* [Phrase grounding data]:

..............................

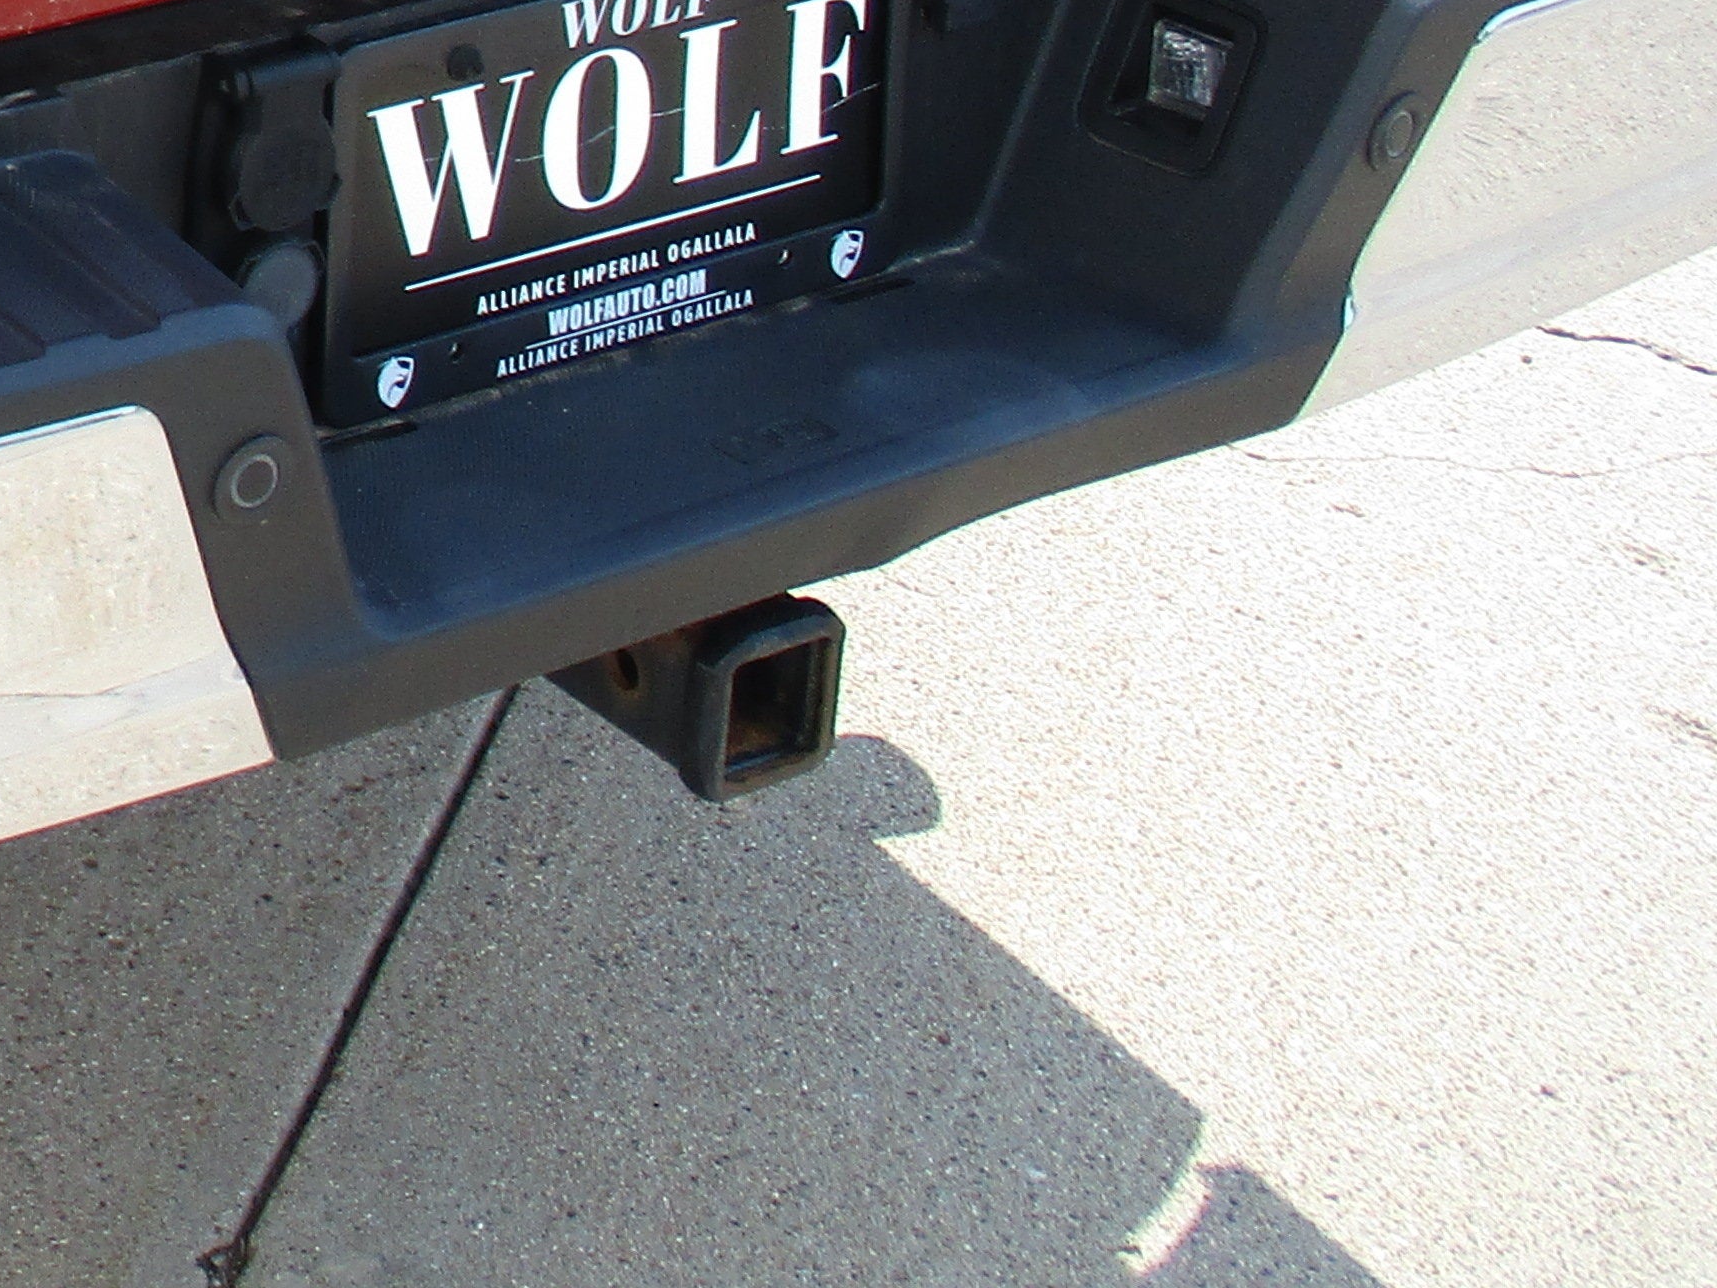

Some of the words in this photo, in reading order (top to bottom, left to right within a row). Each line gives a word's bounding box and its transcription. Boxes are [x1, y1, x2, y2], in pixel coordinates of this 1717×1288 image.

[476, 273, 566, 315] ALLIANCE
[573, 249, 660, 289] IMPERIAL
[667, 222, 757, 263] OGALLALA
[547, 268, 708, 336] WOLFAUTO.COM
[496, 339, 579, 378] ALLIANCE
[584, 320, 665, 353] IMPERIAL
[671, 289, 755, 327] OGALLALA
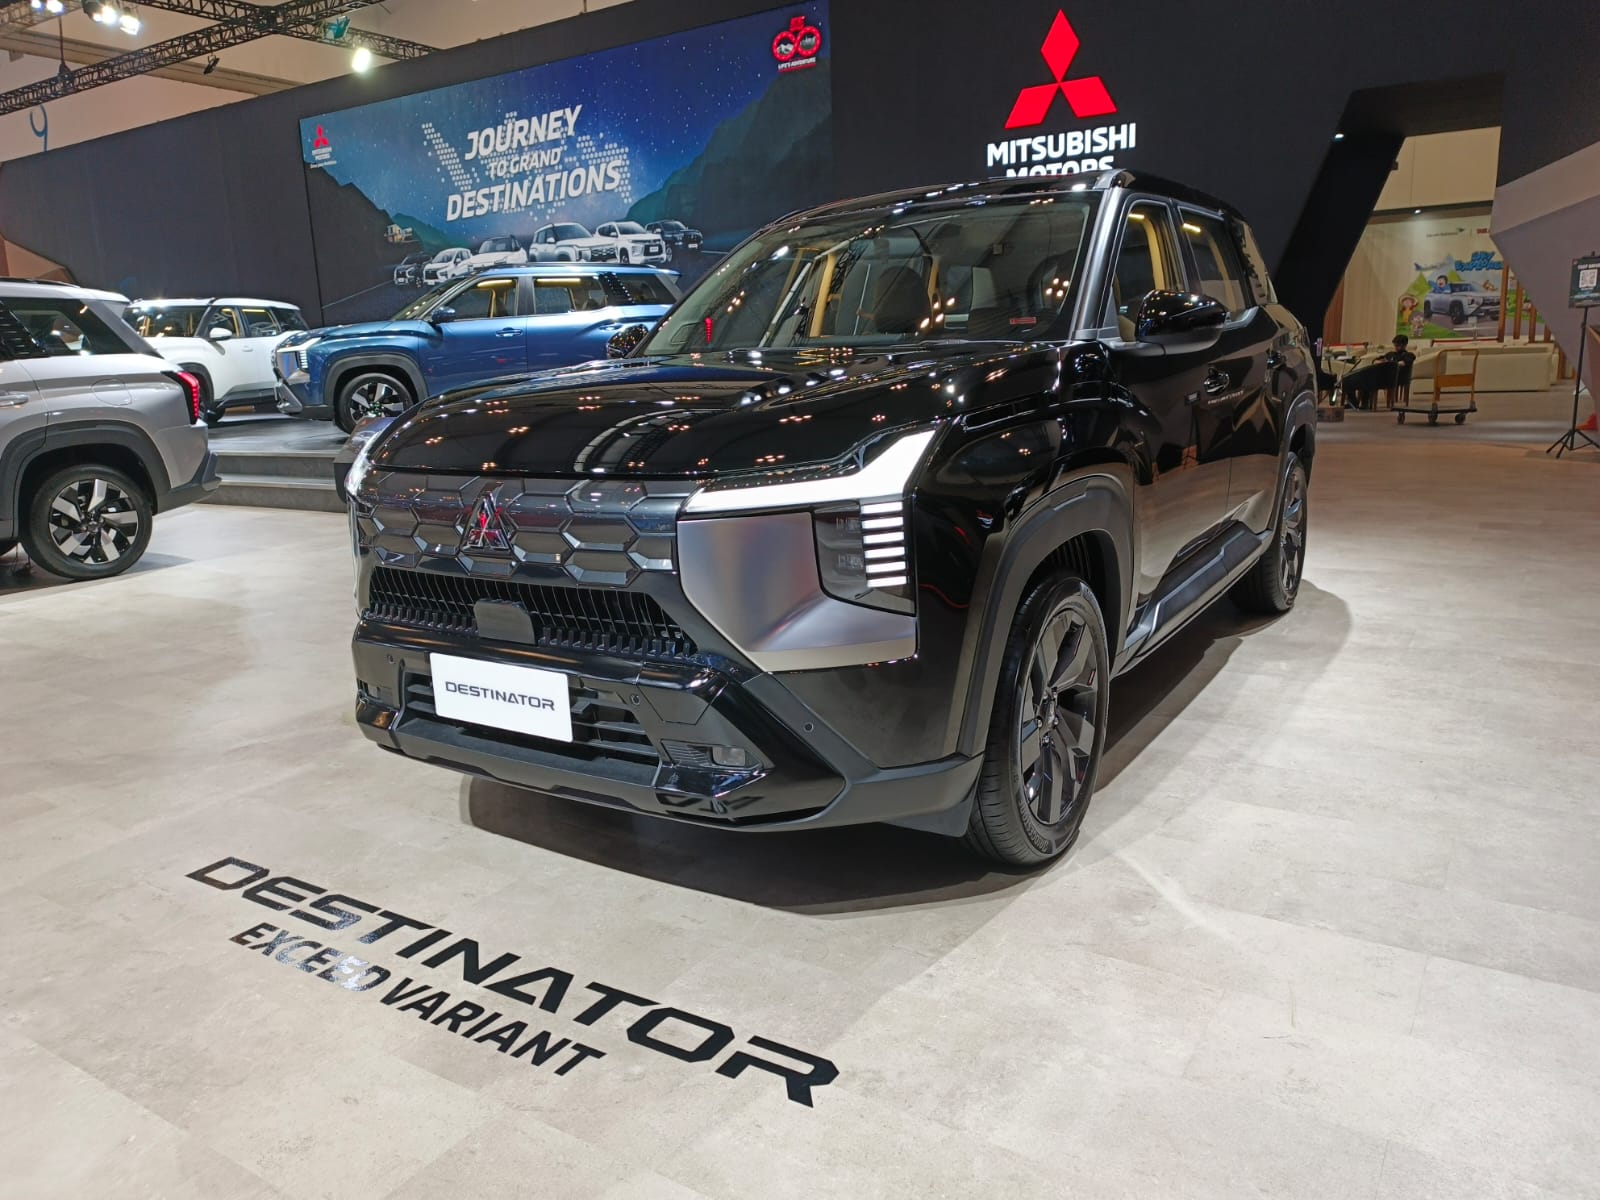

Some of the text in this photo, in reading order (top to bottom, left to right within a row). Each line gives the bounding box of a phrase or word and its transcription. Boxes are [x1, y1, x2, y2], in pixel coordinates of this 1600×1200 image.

[465, 104, 582, 160] JOURNEY
[987, 122, 1136, 167] MITSUBISHI
[446, 159, 623, 221] DESTINATIONS
[489, 148, 562, 179] TO GRAND
[445, 681, 556, 711] DESTINATOR
[184, 856, 840, 1108] DESTINATOR
[229, 922, 607, 1076] EXCEED VARIANT
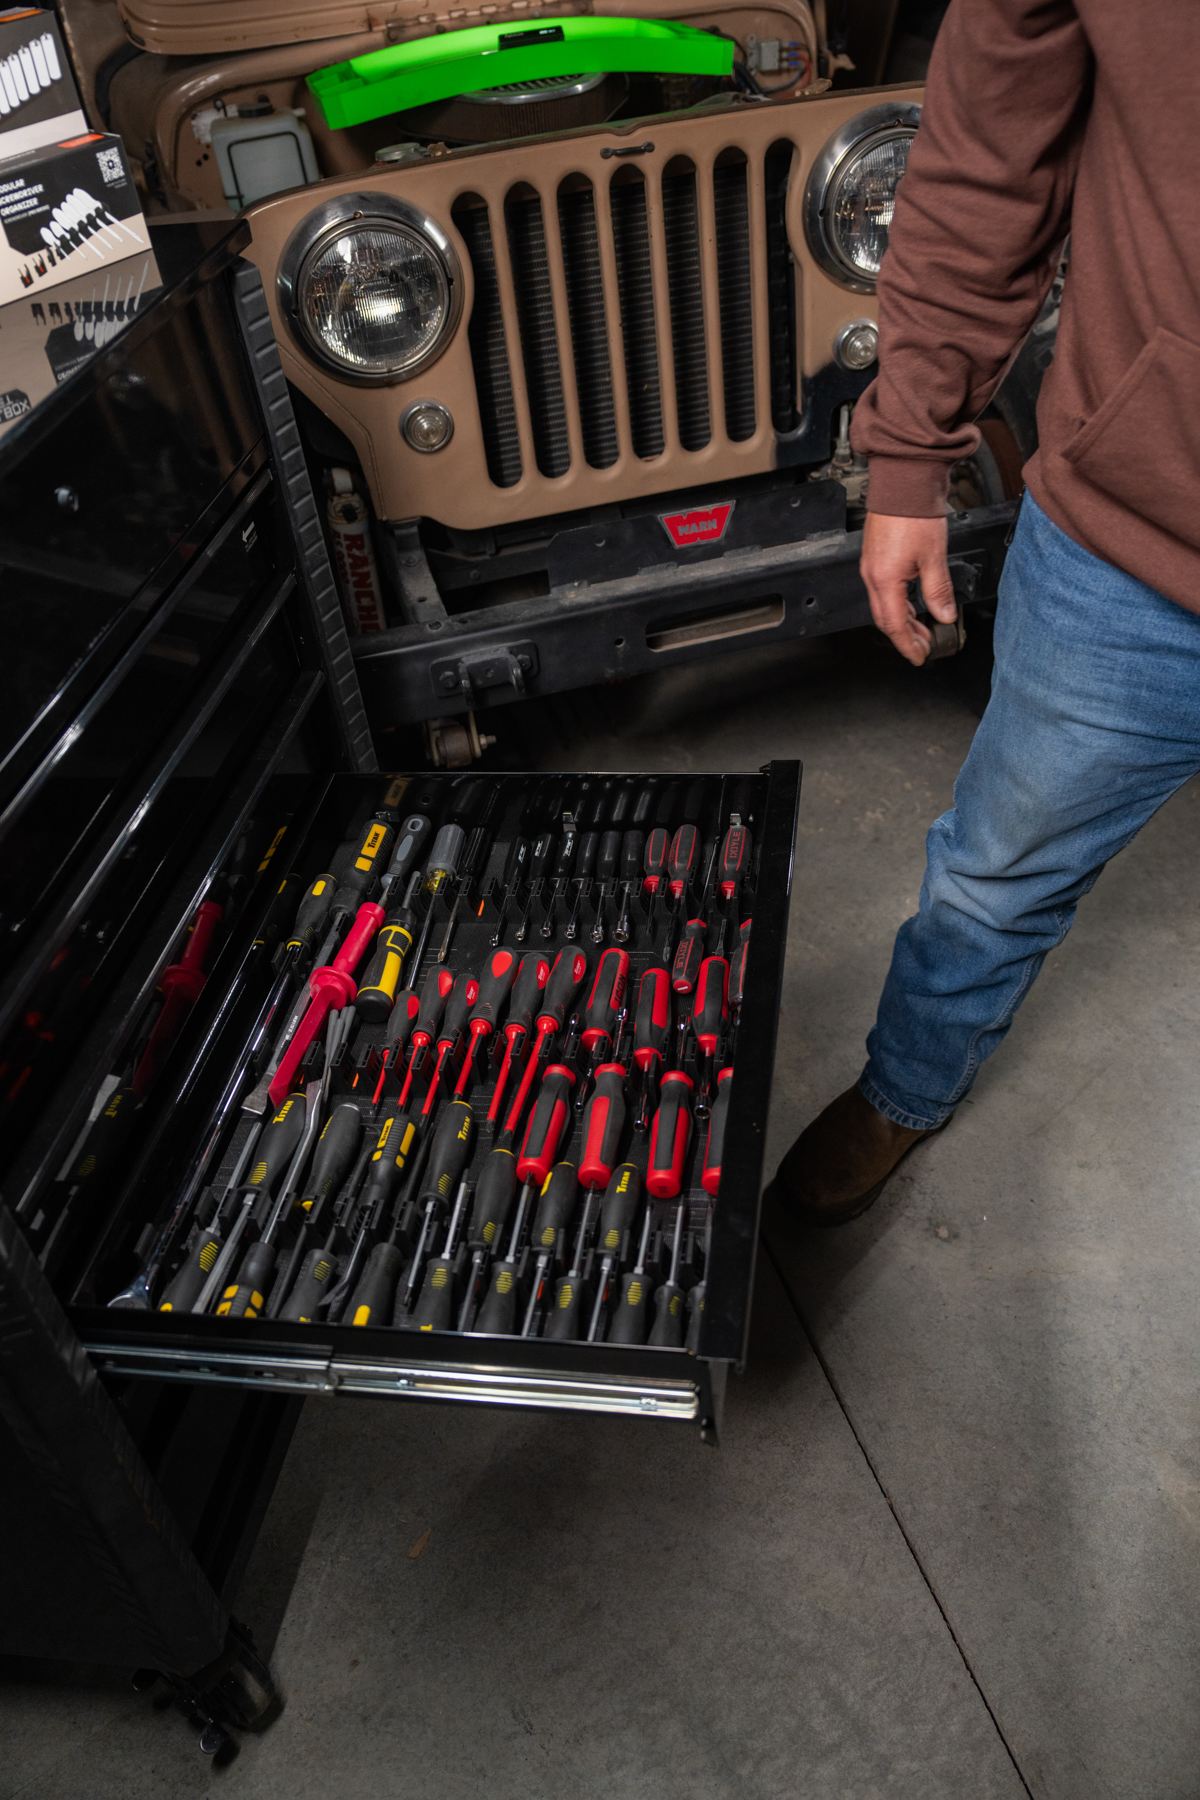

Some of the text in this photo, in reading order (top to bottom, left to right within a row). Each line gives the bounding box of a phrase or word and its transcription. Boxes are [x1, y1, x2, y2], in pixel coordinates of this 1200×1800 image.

[0, 178, 25, 194] ODULAR
[0, 197, 39, 217] ORGANIZER
[677, 518, 718, 537] WARN
[729, 831, 741, 859] DOYLE
[676, 941, 689, 969] DOYLE
[614, 973, 627, 1005] ICON
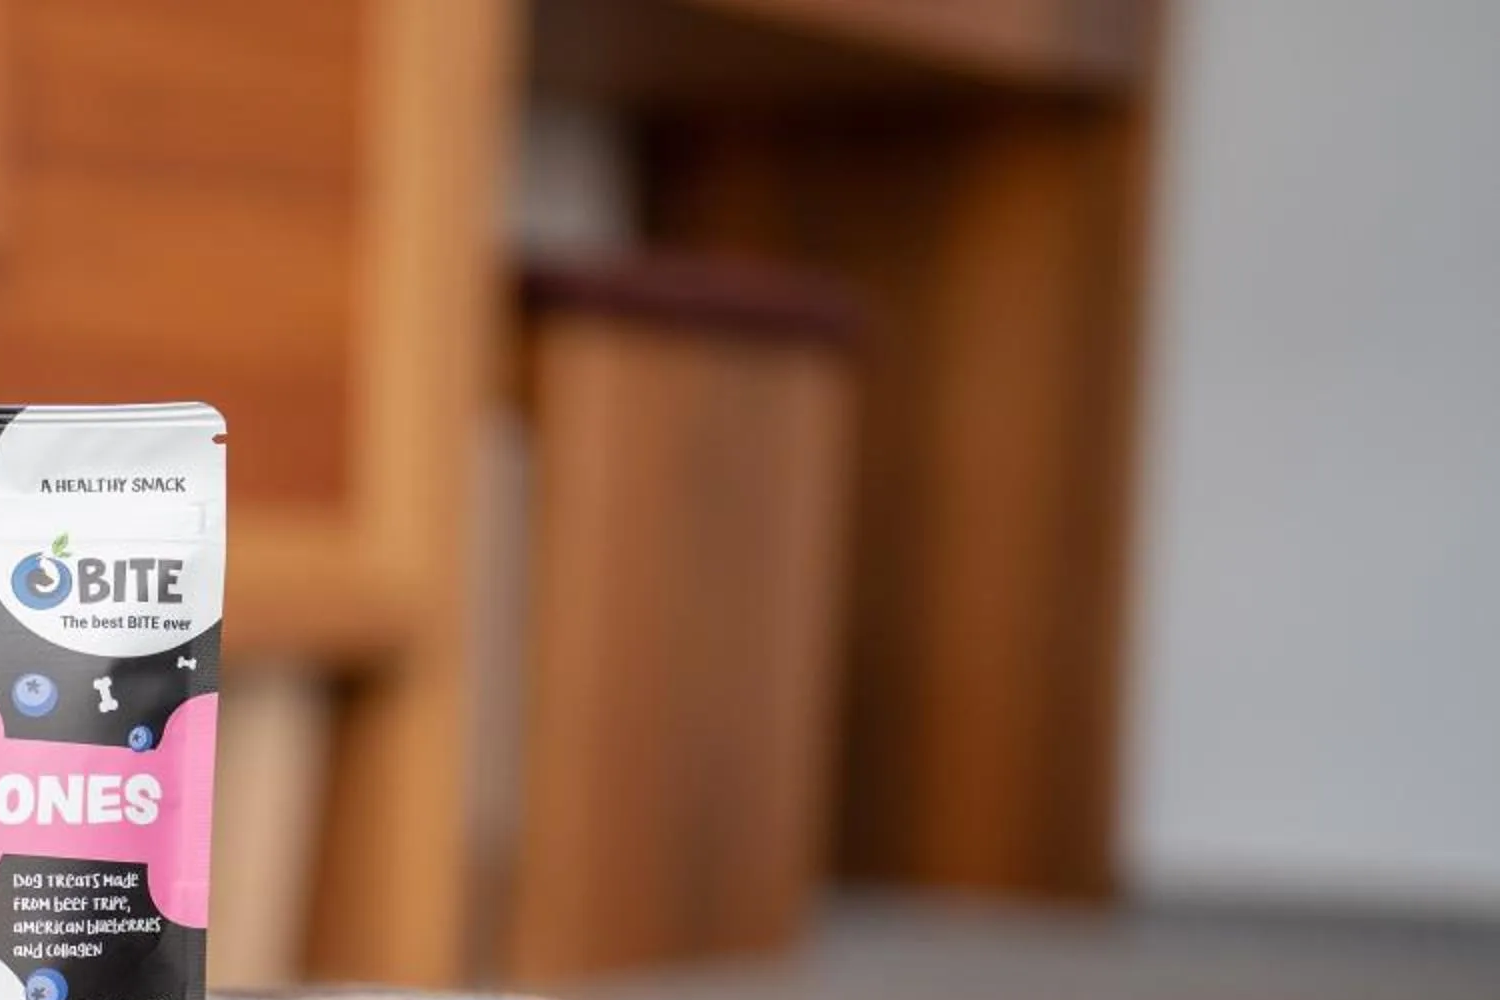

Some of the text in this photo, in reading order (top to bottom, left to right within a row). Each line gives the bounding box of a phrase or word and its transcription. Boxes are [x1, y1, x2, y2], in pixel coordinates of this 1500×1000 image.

[40, 476, 187, 493] A HEALTHY SNACK
[60, 614, 192, 631] The best BITE ever

..............................

* [What you should do]: Would you write out each entry word for word and omit the images?

* [Task solution]:
Some of the words in this photo, in reading order (top to bottom, left to right within a row). Each line gives a word's bounding box and its transcription. Boxes are [x1, y1, x2, y2], in pixel coordinates of this 1717×1288 image.

[476, 273, 566, 315] ALLIANCE
[573, 249, 660, 289] IMPERIAL
[667, 222, 757, 263] OGALLALA
[547, 268, 708, 336] WOLFAUTO.COM
[496, 339, 579, 378] ALLIANCE
[584, 320, 665, 353] IMPERIAL
[671, 289, 755, 327] OGALLALA

Some of the text in this photo, in reading order (top to bottom, left to right within a row). Each line gives the bounding box of a phrase or word and its transcription. Boxes are [x1, y1, x2, y2], in pixel coordinates of this 1600×1200 image.

[465, 104, 582, 160] JOURNEY
[987, 122, 1136, 167] MITSUBISHI
[446, 159, 623, 221] DESTINATIONS
[489, 148, 562, 179] TO GRAND
[445, 681, 556, 711] DESTINATOR
[184, 856, 840, 1108] DESTINATOR
[229, 922, 607, 1076] EXCEED VARIANT

Some of the text in this photo, in reading order (top to bottom, left to right within a row). Each line gives the bounding box of a phrase or word and its transcription. Boxes are [x1, y1, x2, y2], in pixel coordinates of this 1200×1800 image.

[0, 178, 25, 194] ODULAR
[0, 197, 39, 217] ORGANIZER
[677, 518, 718, 537] WARN
[729, 831, 741, 859] DOYLE
[676, 941, 689, 969] DOYLE
[614, 973, 627, 1005] ICON

Some of the text in this photo, in reading order (top to bottom, left to right within a row). Each line gives the bounding box of a phrase or word and its transcription. Boxes are [x1, y1, x2, y2], in pixel coordinates of this 1500×1000 image.

[40, 476, 187, 493] A HEALTHY SNACK
[60, 614, 192, 631] The best BITE ever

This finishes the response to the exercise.